For her part, Giaritelli reported on internal government documents showing that Border Patrol facilities in El Paso had 4,500 migrants in custody just on Saturday — and that is one of nine sectors of the U.S.-Mexico border. “Border Patrol is flying immigrants on government-operated aircraft to other lesser-impacted areas on the border for people to be processed and released or expelled and ease the burden on El Paso,” Giaritelli wrote.
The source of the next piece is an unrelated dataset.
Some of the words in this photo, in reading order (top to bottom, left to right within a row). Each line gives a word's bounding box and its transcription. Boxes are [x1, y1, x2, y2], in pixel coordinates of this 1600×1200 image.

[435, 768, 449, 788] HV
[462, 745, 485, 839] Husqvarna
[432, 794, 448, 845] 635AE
Soon there might not be any “lesser-impacted areas.” In a few days, the Biden administration will end Title 42, the Trump-era rule that allowed federal authorities to turn back many illegal immigrants for the purpose of slowing the spread of COVID-19. When that happens, observers expect the crush to become even worse.

The reason for all this is the Biden administration’s implicit message that those who cross illegally into the U.S. will be allowed to stay. Would-be immigrants around the world have gotten the message and have rushed to the border in the last two years.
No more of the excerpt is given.